The weight function of Andrews’s estimator

Fig. 3
figure 3

The weight function of the L1-norm estimator

5 Detecting outliers of measured variables

The principle of detecting outliers in a set of measurements is based on the assessment of the magnitude of residuals of individual measurements obtained from the robust adjustment. By using the robust M-estimator during the adjustment of geodetic networks, the effect of outlying observations is limited and thus an estimation of measured variables independent of outliers is obtained. It is assumed that the obtained estimation of a measured variable \(\overline{\mathbf {l}}\) approximates its actual (true) value \(L\), and that the set of values (a random sample) of a measured variable comes from a normal probability distribution \(N(L,\sigma ^{2})\).

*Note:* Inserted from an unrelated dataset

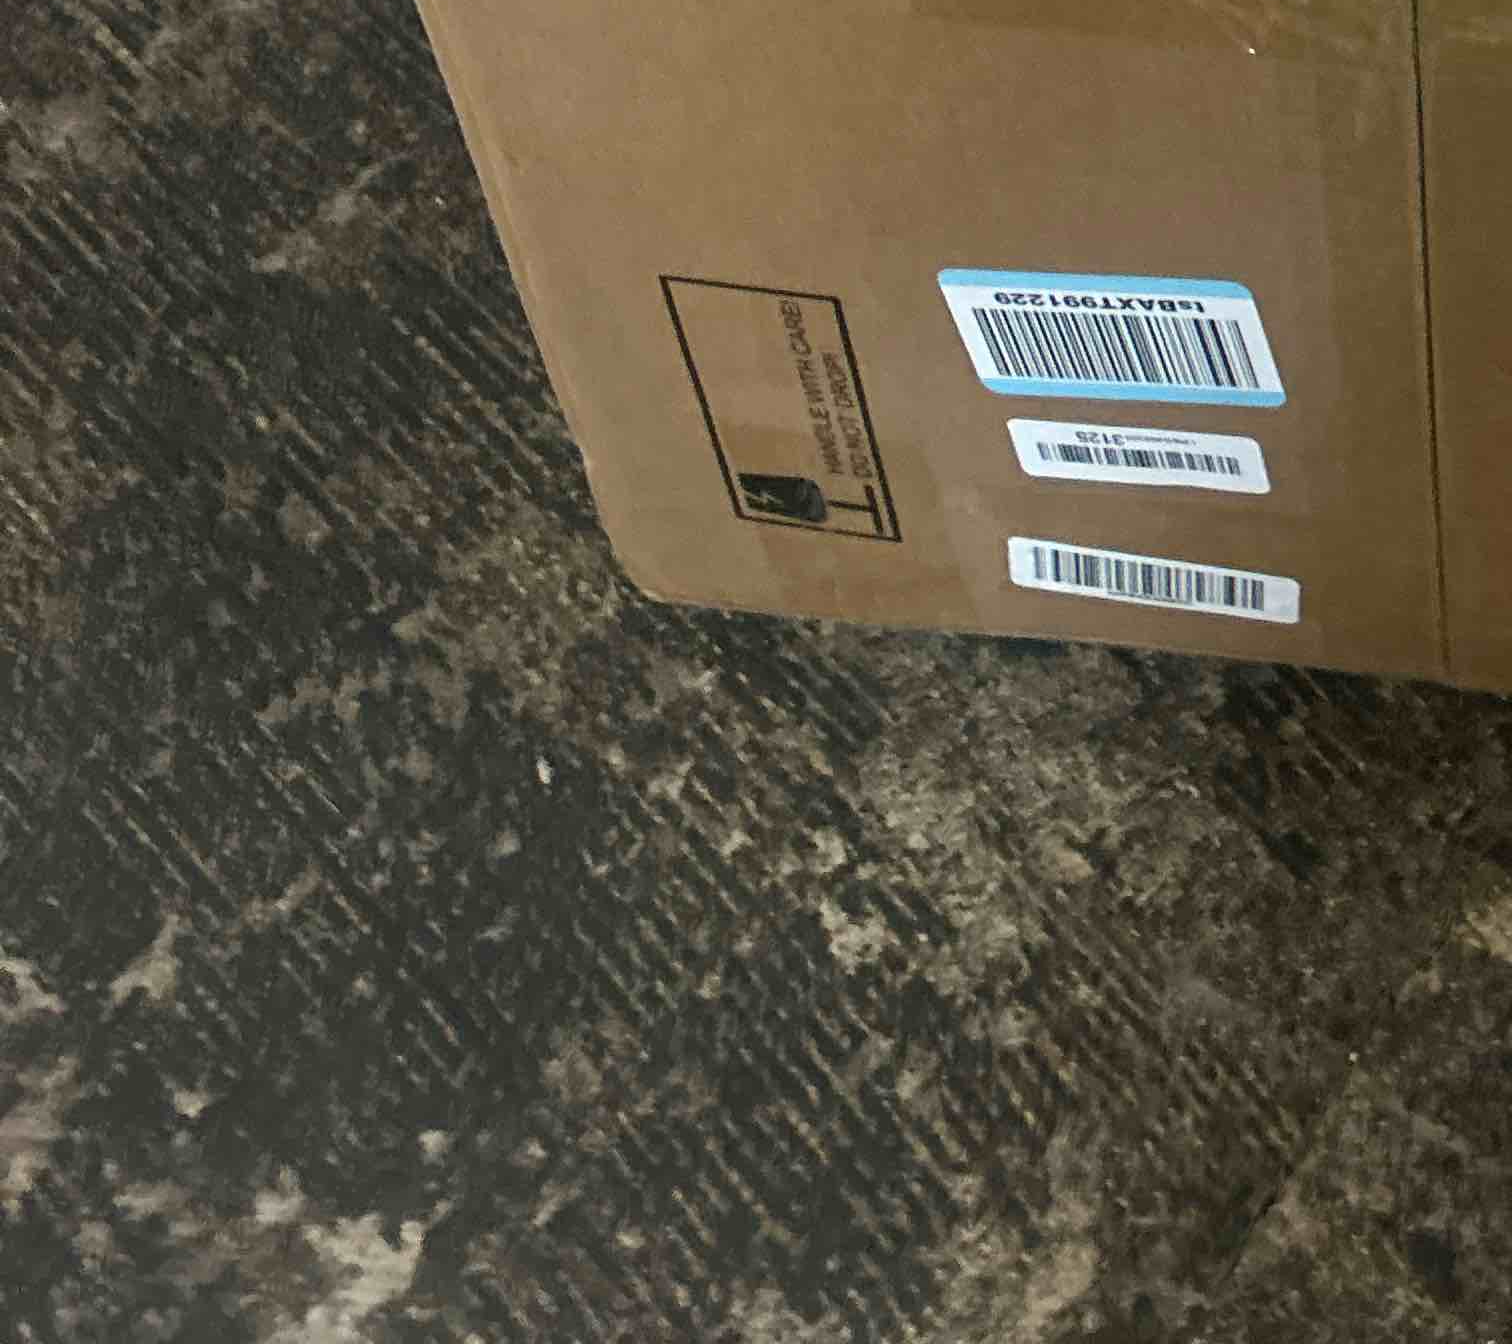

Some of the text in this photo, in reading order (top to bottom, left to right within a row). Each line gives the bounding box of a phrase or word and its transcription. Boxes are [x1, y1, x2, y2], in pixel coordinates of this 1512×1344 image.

After the iterative adjustment is stabilised and the robust estimation is determined, individual measurements are subjected to testing for outliers. The comparison

$$\begin{aligned} |v_{i}|\le v_{Mi} \end{aligned}$$
(10)

is made, where \(v_{i}\) is the residual of a general measurement \(l_{i}\) and \(v_{Mi}\) is its limit value expressed according to Xu (1993) by the formula

$$\begin{aligned} v_{Mi}=u_{\left( 1-\alpha /2\right) }\cdot \sigma _{v_{i}}, \end{aligned}$$
(11)

where \(u_{\left( 1-\alpha /2\right) }\) is the critical value calculated for a entered significance level \(\alpha \) as a quantile of the standardised normal probability distribution \(N\left( 0,1\right) \) and \(\sigma _{v_{i}}\) is the standard deviation of the residual of a measurement \(l_{i}\) which is expressed by the formula

$$\begin{aligned} \sigma _{v_{i}}=\sigma _{0}\sqrt{Q_{v_{ii}}}, \end{aligned}$$
(12)

where \(\sigma _{0}\) is the a priori unit standard deviation and \(Q_{v_{ii}}\) is \(i\)th diagonal element of the matrix of weight coefficients of residuals \(\mathbf {Q}_{v}\) which is define as

$$\begin{aligned} \mathbf {Q}_{v}=\mathbf {Q}_{l}-\mathbf {Q}_{\overline{l}}=\mathbf {P}^{-1}- \mathbf {A}\left( \mathbf {A}^{T}\mathbf {P}\mathbf {A}\right) ^{-1} \mathbf {A}^{T}, \end{aligned}$$
(13)

where \(\mathbf {Q}_{l}\) is the matrix of weight coefficients of a measurements and \(\mathbf {Q}_{\overline{l}}\) the matrix of weight coefficients of adjusted measurements. If the limit value \(v_{Mi}\) is exceeded (Fig. 4), the measurement \(l_{i}\) (at the chosen significance level \(\alpha \)) is declared as outlying and eliminated from the set.

Fig. 4
figure 4

Detection of outliers by means of a limit value of residual

In the case of testing the efficiency of the one-step detection method, the value was selected as

$$\begin{aligned} v_{Mi}=2\,\sigma _{v_{i}}\quad {\text {for}} \ \alpha \,\dot{=}\,0.05. \end{aligned}$$
(14)

In using the two-step detection method, only far outlying values, i.e. presumed gross errors, are eliminated during the first detection at the significance level \(\alpha _{1}\). Then, the second, more accurate robust estimation is made and the second detection of outliers, now at the significance level \(\alpha _{2}\), which corresponds to the significance level \(\alpha \) used for the one-step detection method. To test the efficiency of this method the value was subjectively selected as

$$\begin{aligned} v_{Mi}=5\,\sigma _{v_{i}}\quad {\text {for}} \ \alpha _{1}\,\dot{=}\,1\times 10^{-6}. \end{aligned}$$
(15)

This limit value was empirically set with respect to the increasing of residuals of non-outlying measurements which was caused by influence of inserted gross errors.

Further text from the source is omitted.